Consequence. Any cost depending only on segment length through a convex w is Monge: w(x) = x², x log x, x^{1.5}, e^x. This is one common route to a Monge matrix; the squared-segment-sum cost (P[j] − P[k])² is Monge by a separate factorization (Section 8).

3. Monge Implies Totally Monotone¶

Theorem 3.1. If A satisfies QI (Definition 1.3), then A is totally monotone (Definition 1.2).

Proof. Assume QI. Fix i < i' and j < j', and suppose the TM hypothesis A[i][j'] ≤ A[i][j]. We must show A[i'][j'] ≤ A[i'][j].

QI with these indices gives:

A[i][j] + A[i'][j']  ≤  A[i][j'] + A[i'][j].           (QI instance)

Rearrange to isolate the lower row:

A[i'][j'] − A[i'][j]  ≤  A[i][j'] − A[i][j].

By hypothesis A[i][j'] − A[i][j] ≤ 0, so A[i'][j'] − A[i'][j] ≤ 0, i.e. A[i'][j'] ≤ A[i'][j]. This is exactly the TM conclusion. ∎

Remark. The converse fails: TM is strictly weaker than Monge. A matrix can be totally monotone without satisfying QI (TM constrains only the ordering within each 2 × 2, while QI constrains the sum). SMAWK needs only TM, which is why TM, not QI, is the operative hypothesis. QI matters because Monge costs are the usual way TM arises in DP.

4. Totally Monotone Implies the Monotone-Argmin Staircase¶

Theorem 4.1 (Staircase). If A is totally monotone, then argmin(i) ≤ argmin(i+1) for every 0 ≤ i < n−1. Hence argmin(0) ≤ argmin(1) ≤ … ≤ argmin(n−1).

Proof. Let p := argmin(i) be the smallest minimizing column of row i. Suppose for contradiction argmin(i+1) = q < p. Then column q is a (smallest) minimizer of row i+1, so in particular

A[i+1][q] ≤ A[i+1][p].          (q is at least as good as p in row i+1)

Apply TM to the rows i < i+1 and columns q < p, using the contrapositive form: TM says A[i+1][q] ≤ A[i+1][p] would force A[i][q] ≤ A[i][p] only if we read it in the matching direction.

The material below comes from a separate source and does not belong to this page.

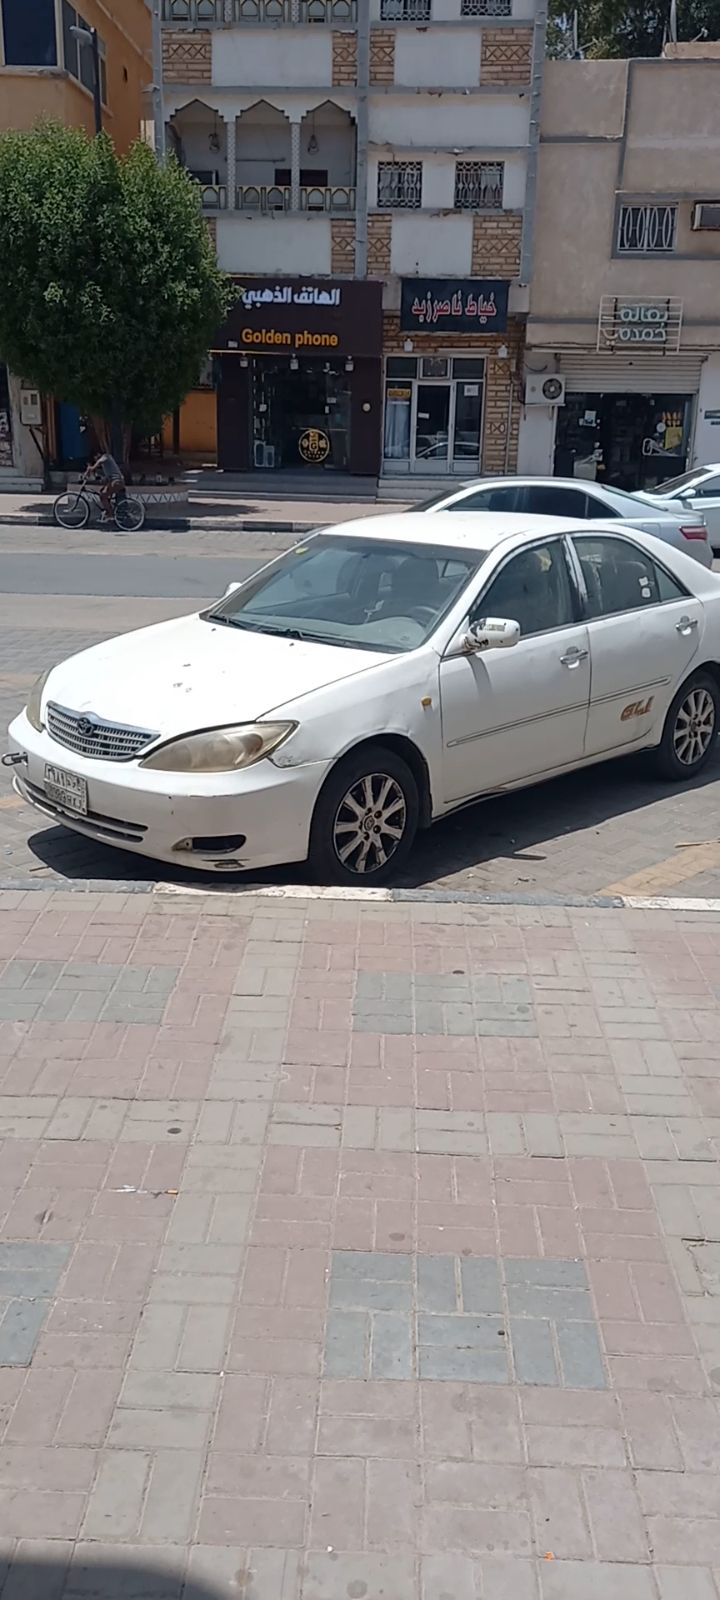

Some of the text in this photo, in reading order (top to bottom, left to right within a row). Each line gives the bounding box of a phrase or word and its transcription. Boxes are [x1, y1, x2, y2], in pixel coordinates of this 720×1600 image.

[242, 286, 341, 309] الهاتف الذهبي
[411, 290, 497, 324] خياط ناصر زيد
[242, 328, 338, 348] Golden phone

Let us instead apply TM directly with (i, i', j, j') = (i, i+1, q, p). The TM implication reads:

A[i][p] ≤ A[i][q]   ⟹   A[i+1][p] ≤ A[i+1][q].

Now, p = argmin(i) is a minimizer of row i, so A[i][p] ≤ A[i][q] holds (the premise). Therefore the conclusion A[i+1][p] ≤ A[i+1][q] holds. Combined with A[i+1][q] ≤ A[i+1][p] (from q minimizing row i+1), we get A[i+1][p] = A[i+1][q]: columns p and q tie in row i+1. But then q < p is a smaller minimizer of row i+1, consistent with argmin(i+1) = q. This does not yet contradict — so we sharpen using the smallest-minimizer convention in row i.

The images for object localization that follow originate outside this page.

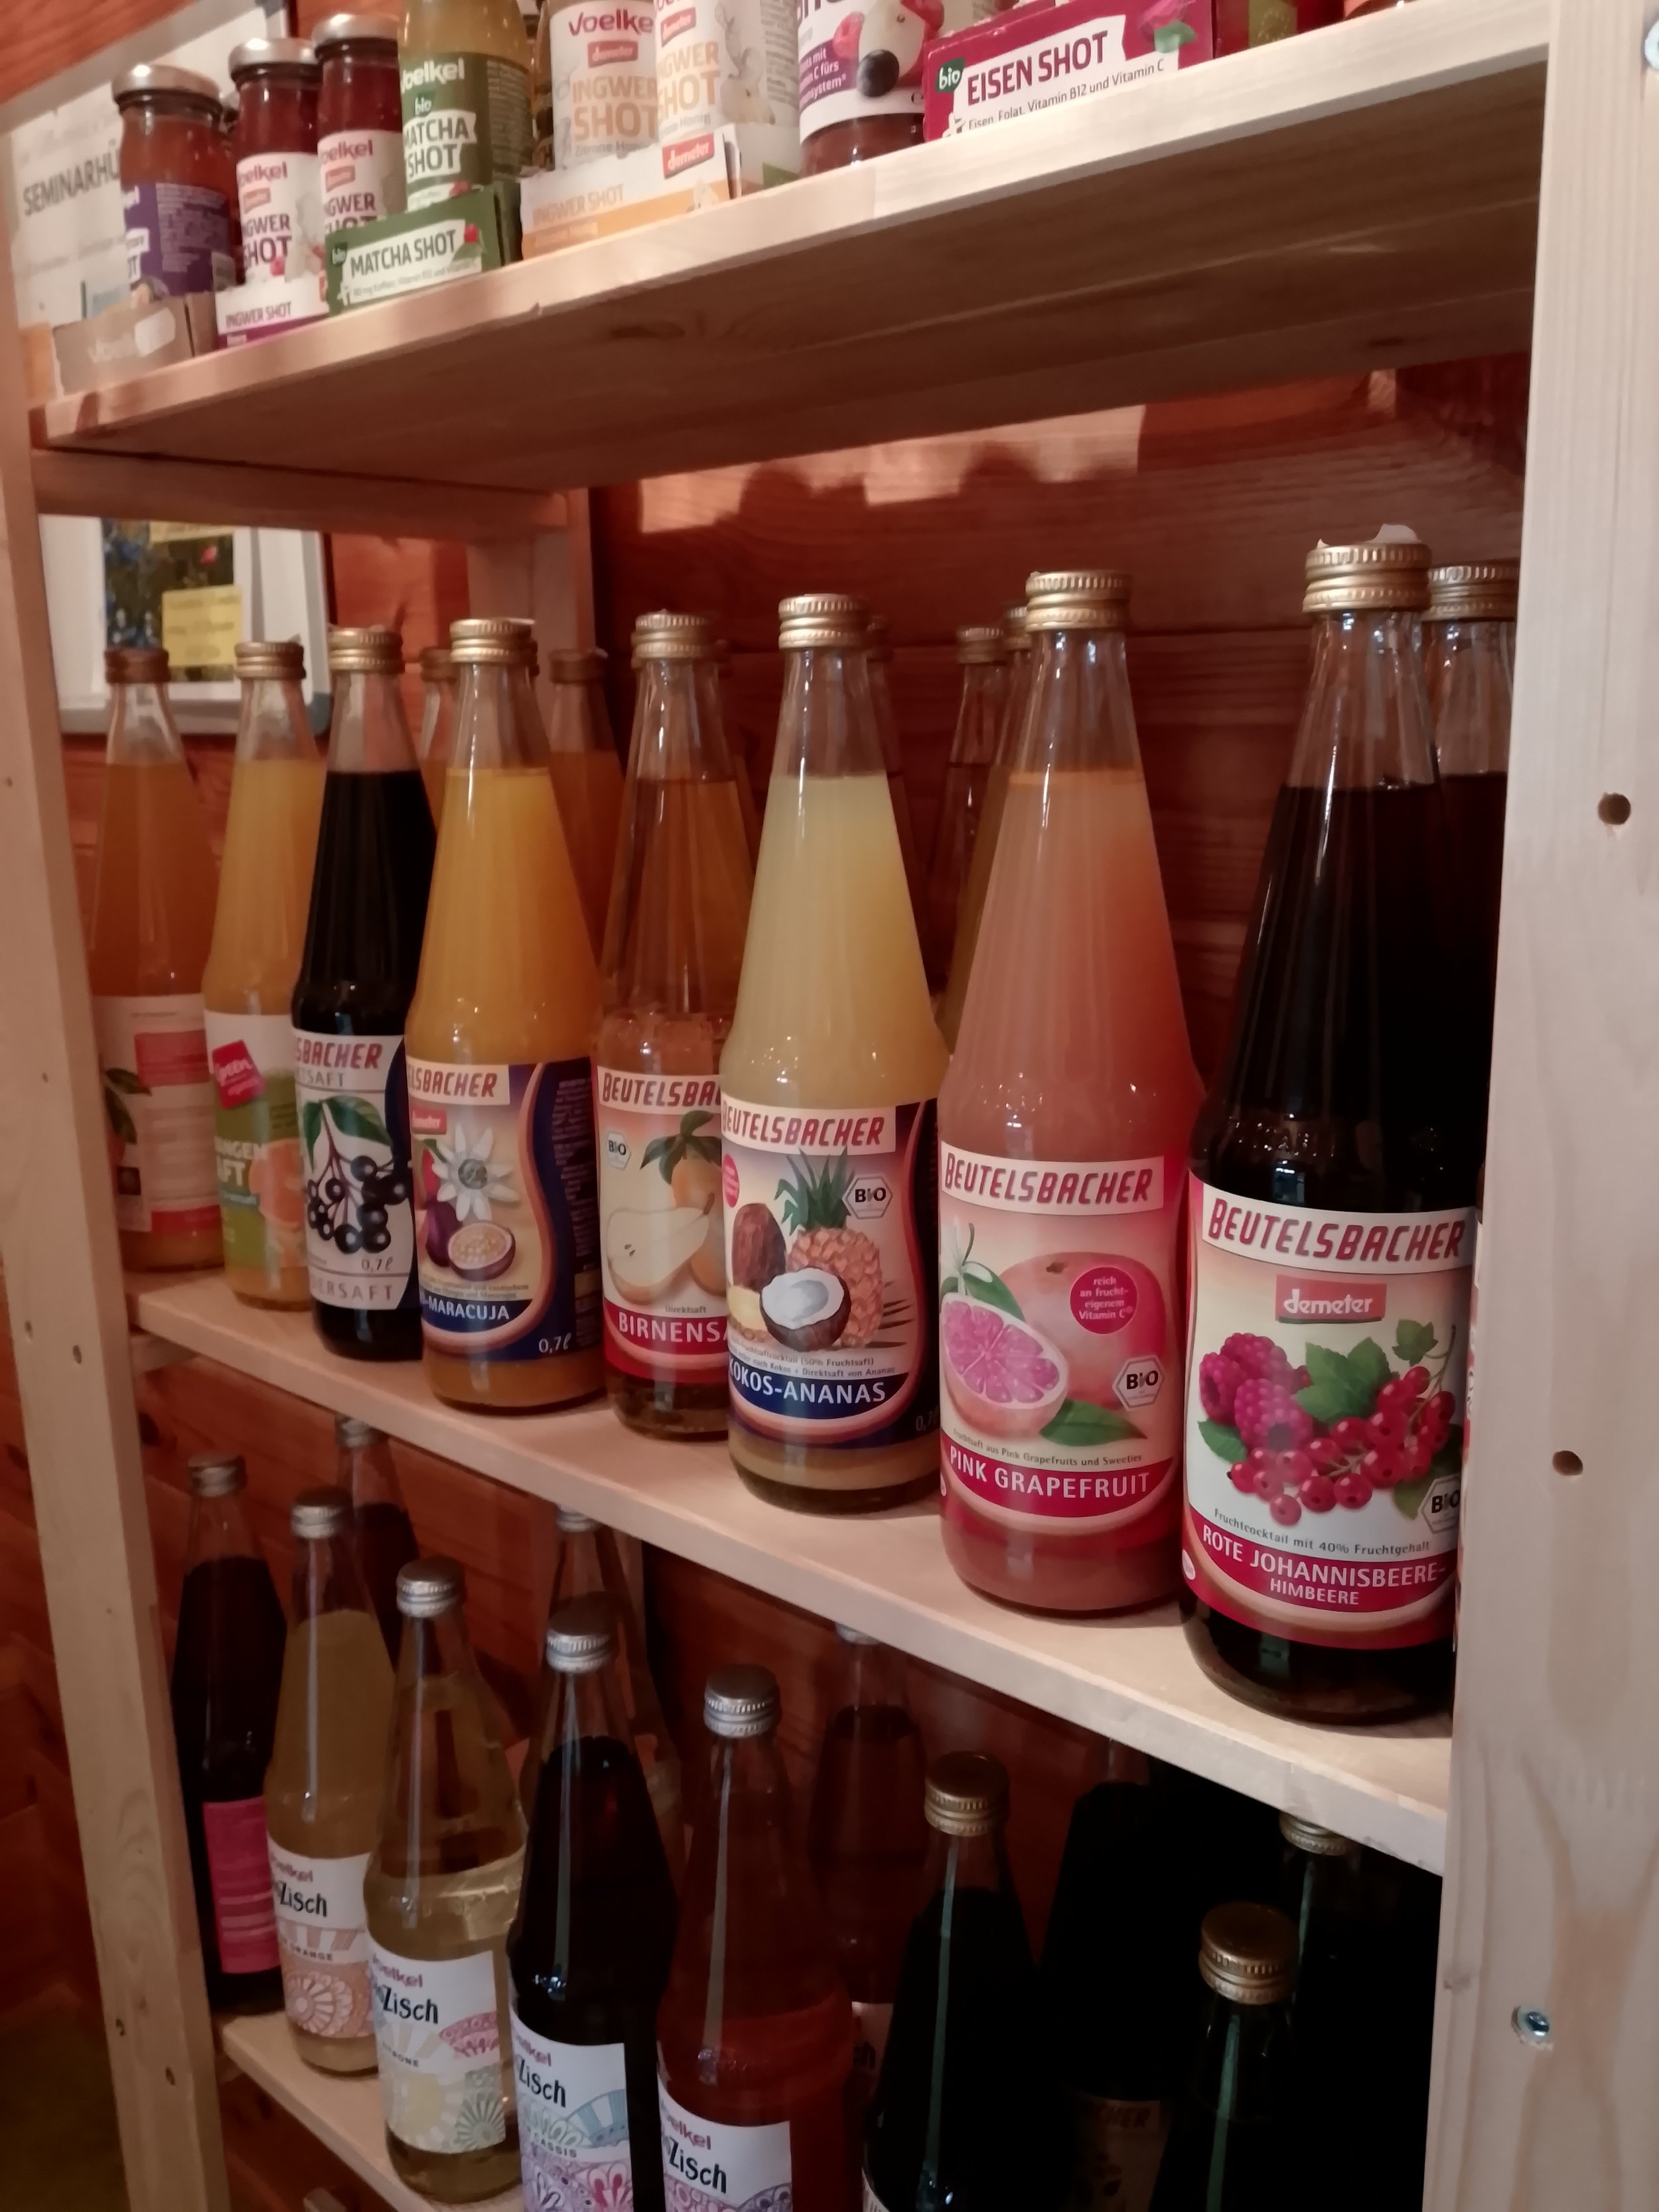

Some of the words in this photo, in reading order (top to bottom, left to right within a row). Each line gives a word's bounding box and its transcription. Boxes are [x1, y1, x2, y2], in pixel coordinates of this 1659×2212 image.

[939, 67, 961, 90] bio
[968, 56, 1033, 106] EISEN
[1039, 30, 1108, 82] SHOT
[1028, 91, 1068, 113] Vitamin
[1070, 83, 1087, 102] B12
[1089, 76, 1110, 94] und
[1112, 64, 1155, 86] Vitamin
[1157, 58, 1165, 72] C
[573, 102, 660, 142] SHOT
[407, 143, 457, 178] SHOT
[350, 242, 412, 278] MATCHA
[414, 228, 457, 263] SHOT
[944, 1152, 1153, 1205] BEUTELSBACHER
[1208, 1197, 1465, 1262] BEUTELSBACHER
[1093, 1276, 1117, 1286] reich
[1078, 1309, 1117, 1320] Vitamin
[1084, 1299, 1125, 1311] eigenem
[1283, 1288, 1373, 1314] demeter
[618, 1311, 727, 1343] BIRNENS
[802, 1367, 844, 1377] Direktsaft
[865, 1366, 895, 1376] Ananas
[827, 1357, 875, 1366] Fruchtsaft)
[950, 1444, 987, 1483] PINK
[994, 1467, 1150, 1499] GRAPEFRUIT
[986, 1445, 999, 1455] aus
[1001, 1447, 1020, 1459] Pink
[1023, 1451, 1078, 1466] Grapefruits
[1081, 1456, 1099, 1466] und
[1102, 1454, 1142, 1465] Sweeties
[1214, 1507, 1289, 1544] Fruchtcocktail
[1293, 1538, 1314, 1550] mit
[1318, 1541, 1350, 1554] 40%
[1354, 1540, 1429, 1557] Fruchtgehalt
[1202, 1524, 1244, 1562] ROTE
[1249, 1549, 1447, 1588] JOHANNISBEERE-
[1269, 1578, 1360, 1606] HIMBEERE

Because p = argmin(i) is the smallest minimizer of row i and q < p, column q is not a minimizer of row i: A[i][q] > A[i][p] (strict). Apply TM with (i, i', j, j') = (i, i+1, q, p) in the strict contrapositive: the strict premise A[i][p] < A[i][q] gives A[i+1][p] ≤ A[i+1][q] (TM yields the non-strict conclusion in general). We already have that. To force a contradiction, use the equivalent TM statement on the upper row deciding the lower: since A[i][q] > A[i][p] (column p strictly beats q at row i), TM's contrapositive A[i'][j'] > A[i'][j] ⟹ A[i][j'] > A[i][j] (with j = p, j' = q swapped roles) shows column p weakly beats q at row i+1 as well, so A[i+1][p] ≤ A[i+1][q]. Hence the smallest minimizer of row i+1 is ≥ p, contradicting q < p. Therefore argmin(i+1) ≥ p = argmin(i). ∎

Corollary 4.2. Under TM the argmin sequence is the non-decreasing staircase; equivalently the minimizing columns can be covered by a monotone path through the grid. This is the structural fact every step of SMAWK exploits.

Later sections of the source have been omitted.